Mit "Now Dig this!" im Hammer Museum, Los Angeles, gibt die Gastkuratorin Kellie Jones, im richtigen Leben Professorin für Kunstgeschichte und Archäologie an der New Yorker Columbia University, rare Einblicke in die Ursprünge afro-amerikanischer Kunst in Los Angeles. In den sechziger und siebziger Jahren entstanden zahlreiche Künstlergruppen und Gemeinschaften, die unterschiedliche künstlerische Genres pflegten. Sie mussten sich selbst organisieren, denn es gab keine andere Möglichkeit auszustellen, als selbst Öffentlichkeit herzustellen.
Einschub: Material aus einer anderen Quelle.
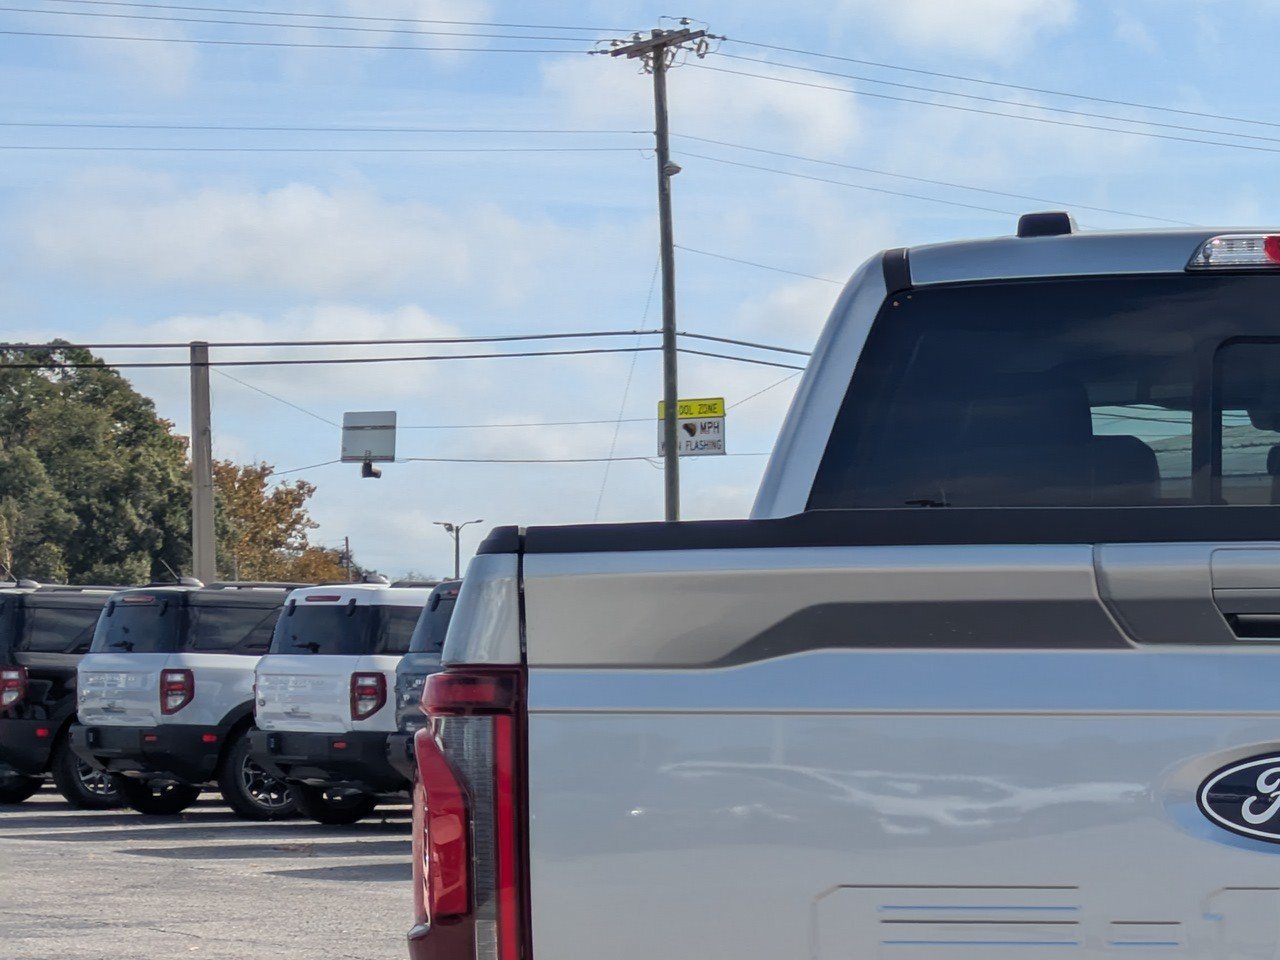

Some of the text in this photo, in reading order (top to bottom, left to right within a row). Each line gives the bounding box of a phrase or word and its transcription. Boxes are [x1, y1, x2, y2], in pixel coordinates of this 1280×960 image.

[698, 403, 718, 414] ZONE
[700, 422, 720, 434] MPH
[685, 440, 721, 451] FLASHING
Daniel Widener spricht dabei in seinem Text im sehr lesenswerten Reader zur Ausstellung von "The Art of Creative Survival". Mit einem für die "Pacific Standard Time" Ausstellungen überdurchnittlichem Frauenanteil, ist es vor allem eine Schau der (plastischen) Selbstbehauptung, der Skulptur. Die Künstlerinnen Senga Nengudi mit ihren Stretch-Pantyhose Raumplastiken ("Revive A, R, W") und Maren Hassinger's Stahlarbeit "A Place for Home", haben beide in ihren Performances zusammengearbeitet und für die Ausstellung ihre Arbeiten aus den siebziger Jahren neu inszeniert und damit ein eigenes "Re-Enactment" im Museumsraum entwickelt. Wie Negundi, kam der Documenta Künstler David Hammons in den siebziger Jahren aus Chicago nach Kalifornien.

Spezifische Praxis

Arbeiten wie "Bag Lady in Flight" (1970, 1990 rekonstruiert), eine elegante Faltung/Fächerung aus Papiertüten, Schmiere und Haaren oder seine Körper(ab)drucke ("America the Beautiful", "Wine leading the Wine", beide 1969) sind dort entstanden. Diese und zahlreiche Werke dokumentieren präzise die künstlerischen Praktiken einer Zeit und eines Ortes, von denen man wenig weiß, weil sie neben Bürgerrechtsbewegung und Vietnamkriegsprotesten in den Hintergrund traten. Sie dort wieder hervorzuholen, hat sich "Pacific Standard Time" zur Aufgabe gemacht. Die Frage nach New York spielt dabei naturgemäß überhaupt keine Rolle.